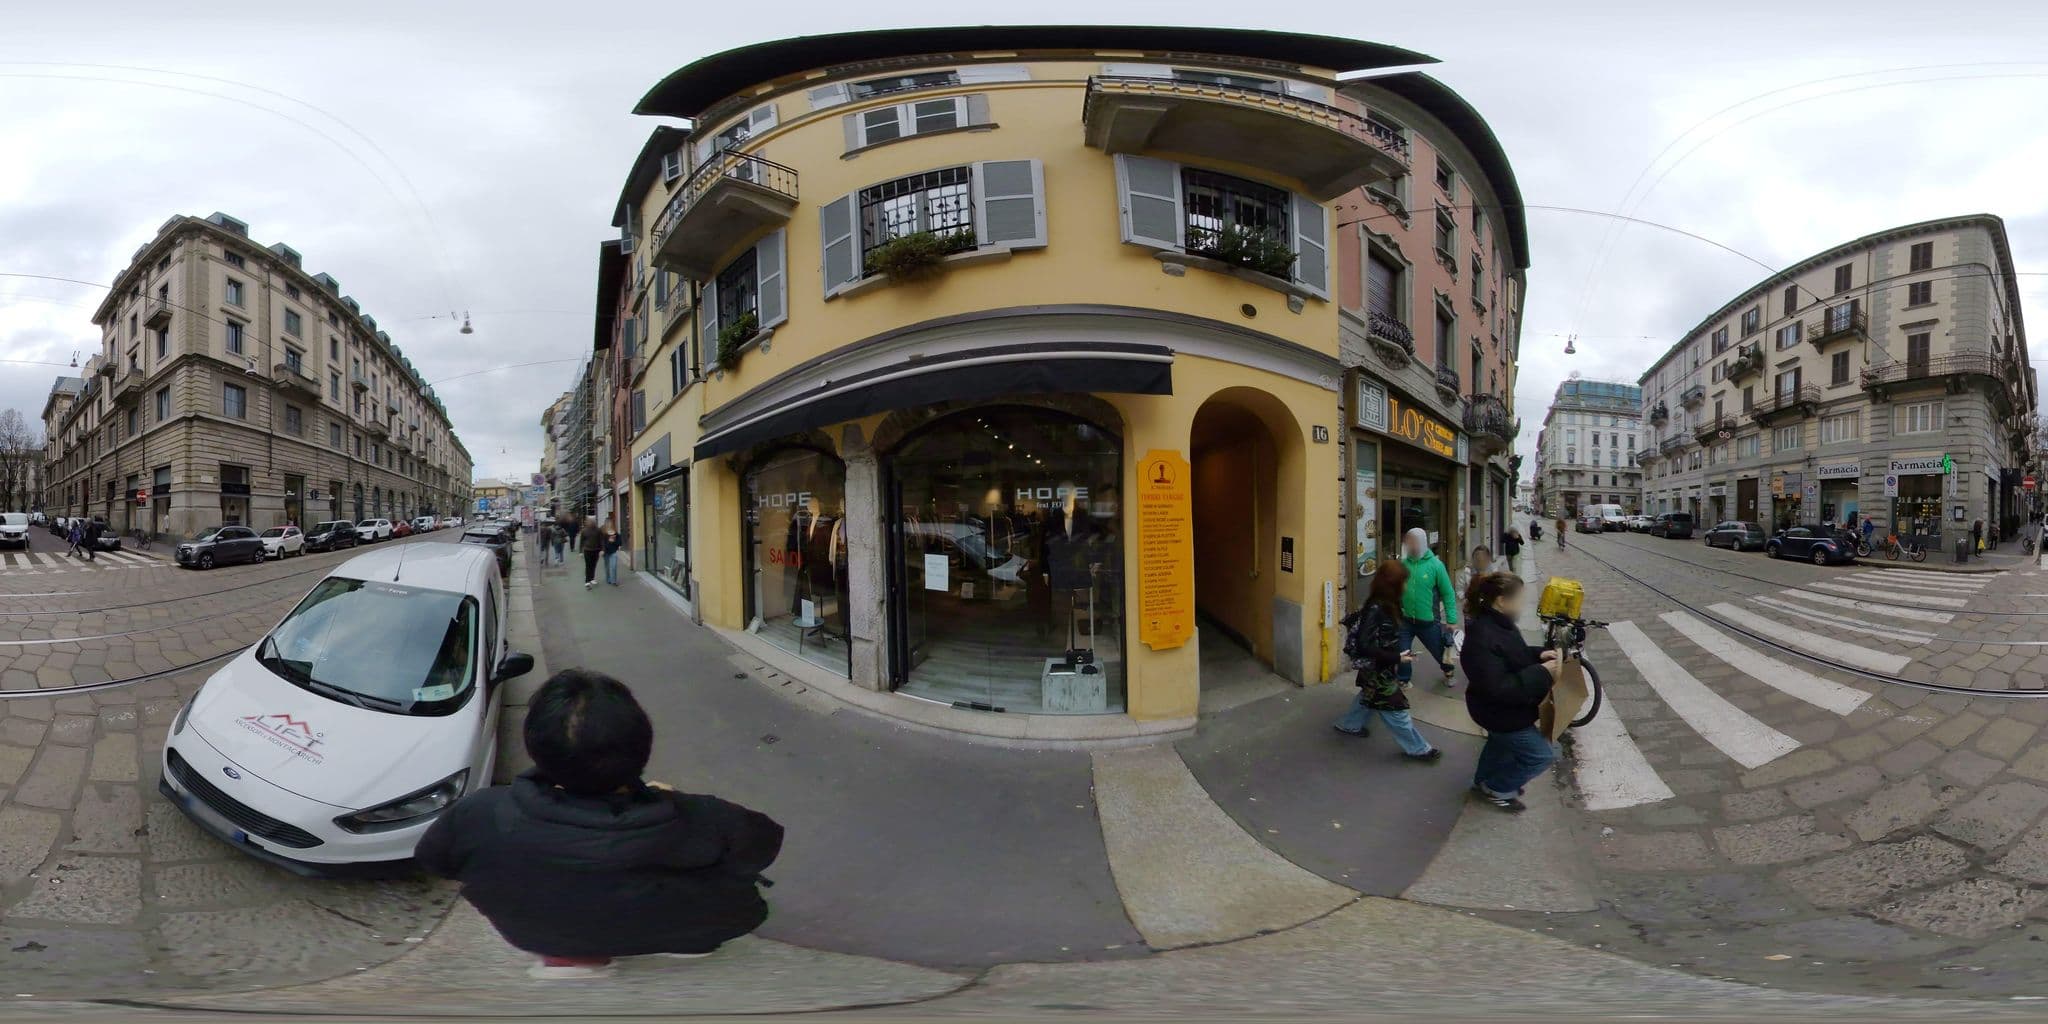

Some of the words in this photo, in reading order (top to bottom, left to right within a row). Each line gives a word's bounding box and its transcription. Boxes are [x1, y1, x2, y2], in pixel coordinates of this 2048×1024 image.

[1316, 427, 1327, 440] 16
[1819, 464, 1859, 475] Farmacia
[1890, 459, 1943, 470] Farmacia
[759, 492, 811, 508] HOPE
[1017, 487, 1088, 500] HOPE
[268, 736, 322, 765] MONTACARICHI

Action item
Copy out the data verbatim, excluding the pictures.

Problem solution
Some of the words in this photo, in reading order (top to bottom, left to right within a row). Each line gives a word's bounding box and its transcription. Boxes are [x1, y1, x2, y2], in pixel coordinates of this 2048×1024 image.

[1316, 427, 1327, 440] 16
[1819, 464, 1859, 475] Farmacia
[1890, 459, 1943, 470] Farmacia
[759, 492, 811, 508] HOPE
[1017, 487, 1088, 500] HOPE
[268, 736, 322, 765] MONTACARICHI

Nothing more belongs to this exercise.